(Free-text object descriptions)
>>>>

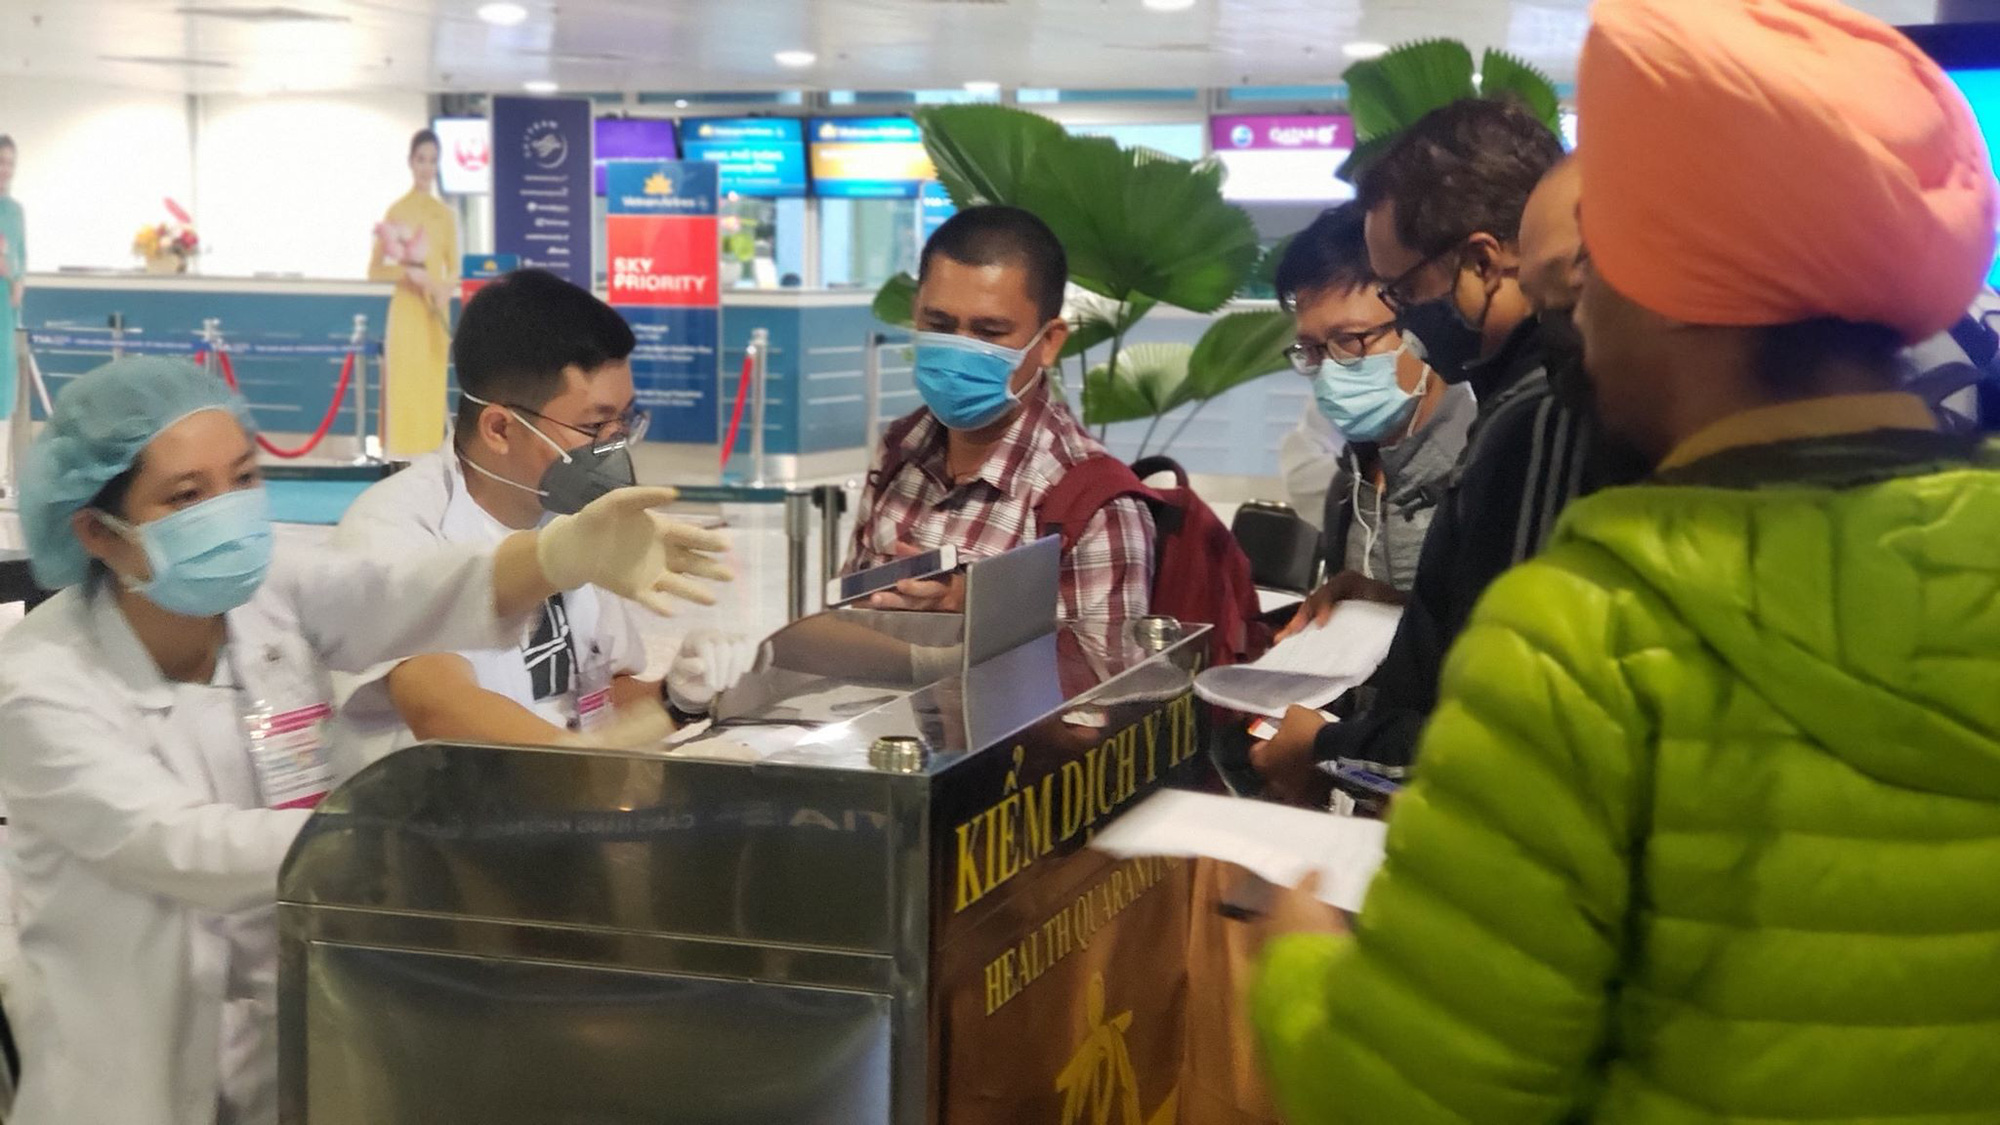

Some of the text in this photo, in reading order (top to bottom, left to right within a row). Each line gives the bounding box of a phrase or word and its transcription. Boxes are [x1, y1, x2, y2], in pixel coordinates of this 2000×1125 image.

[613, 257, 653, 273] SKY
[613, 273, 707, 292] PRIORITY
[953, 744, 1054, 912] KIỂM
[1059, 722, 1139, 848] DỊCH
[1142, 708, 1163, 783] Y
[984, 907, 1071, 1017] HEALTH
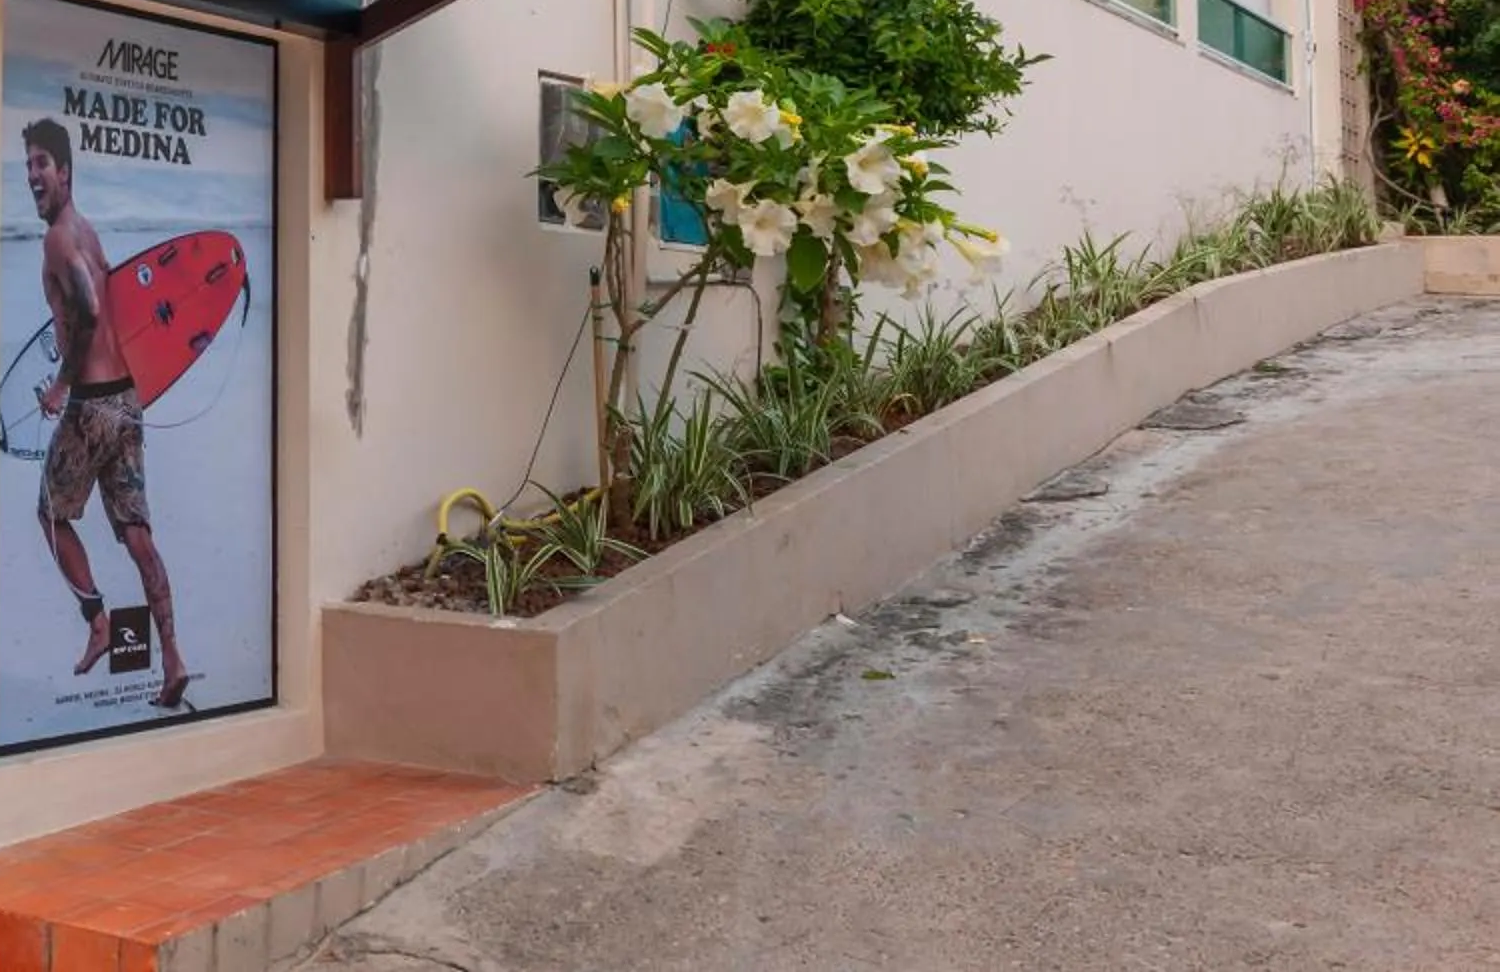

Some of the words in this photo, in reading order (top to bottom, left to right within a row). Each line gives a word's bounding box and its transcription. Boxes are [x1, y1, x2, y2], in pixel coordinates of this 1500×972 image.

[97, 38, 179, 82] MIRAGE
[63, 86, 148, 127] MADE
[155, 101, 207, 137] FOR
[79, 123, 192, 165] MEDINA
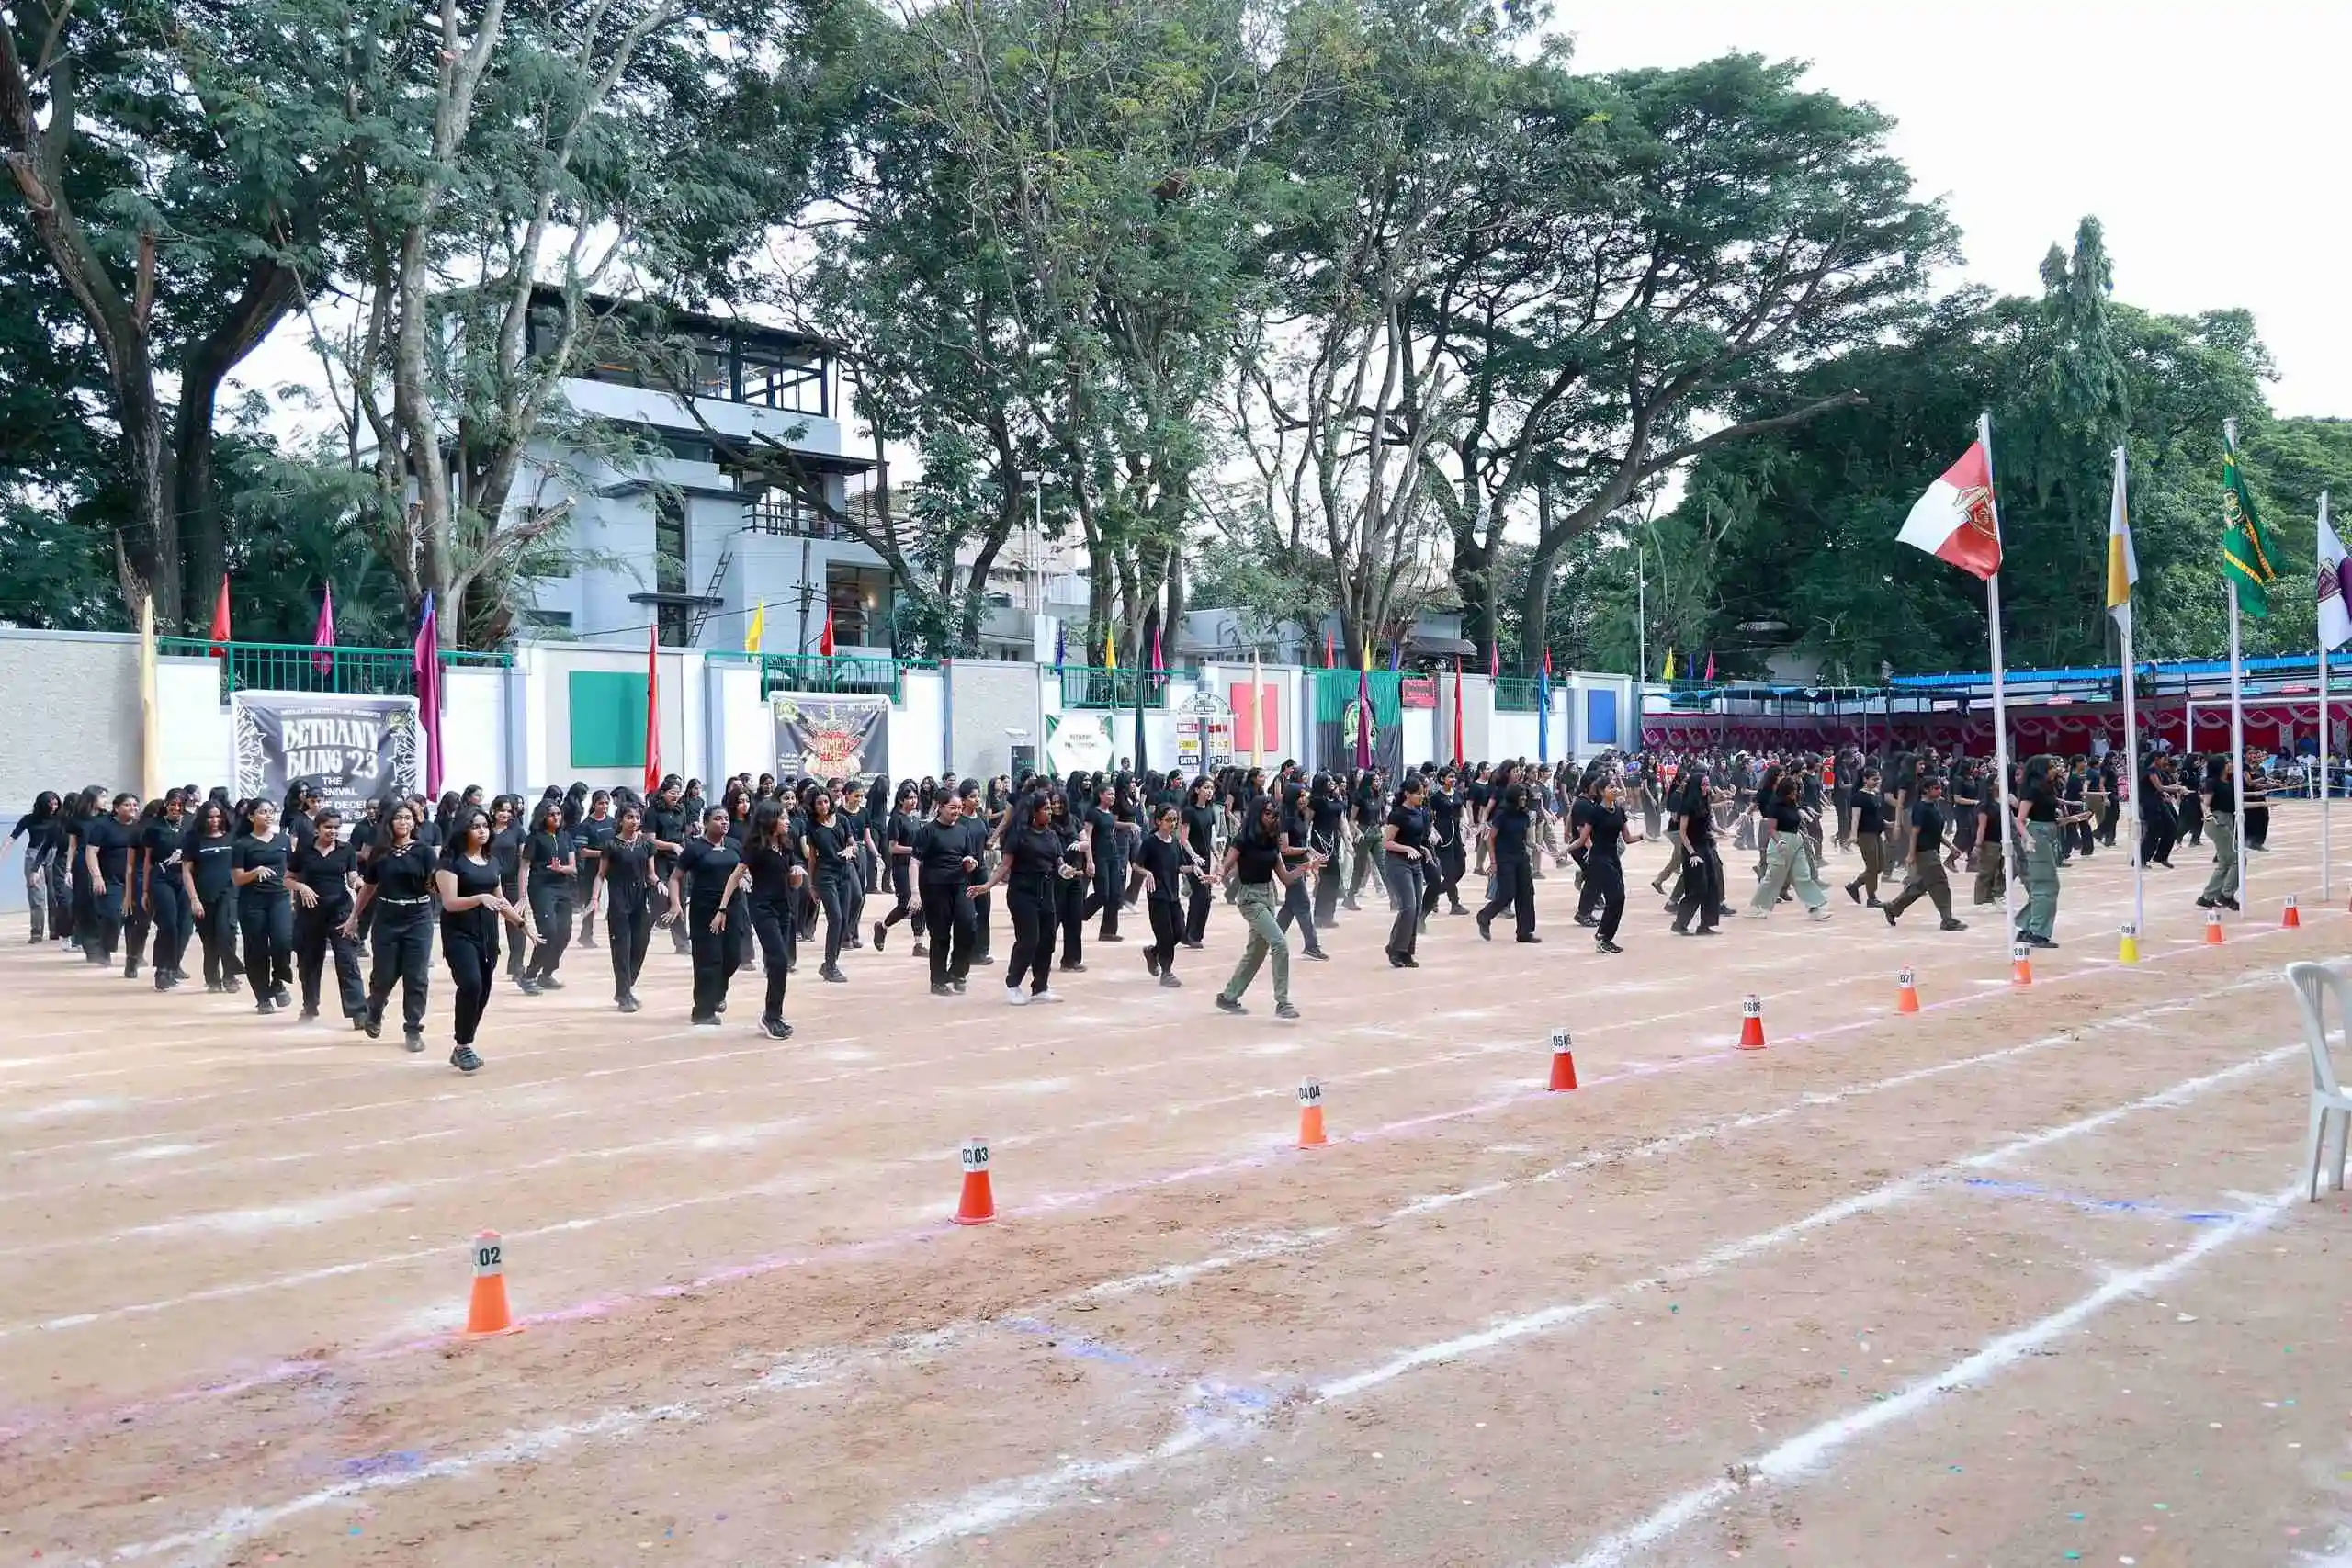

<<<<

Output the records exactly, please. The pictures are not part of the copy.

Some of the text in this photo, in reading order (top to bottom, left to right within a row). Each line gives the bounding box of a phrase or word and its transcription. Boxes are [x1, y1, x2, y2], in pixel coordinates of this 2000×1125 image.

[613, 257, 653, 273] SKY
[613, 273, 707, 292] PRIORITY
[953, 744, 1054, 912] KIỂM
[1059, 722, 1139, 848] DỊCH
[1142, 708, 1163, 783] Y
[984, 907, 1071, 1017] HEALTH

Some of the words in this photo, in reading order (top to bottom, left to right within a row). Each line gives a word's bounding box and its transcription. Boxes are [x1, y1, x2, y2], in pixel coordinates of this 1500×972 image.

[97, 38, 179, 82] MIRAGE
[63, 86, 148, 127] MADE
[155, 101, 207, 137] FOR
[79, 123, 192, 165] MEDINA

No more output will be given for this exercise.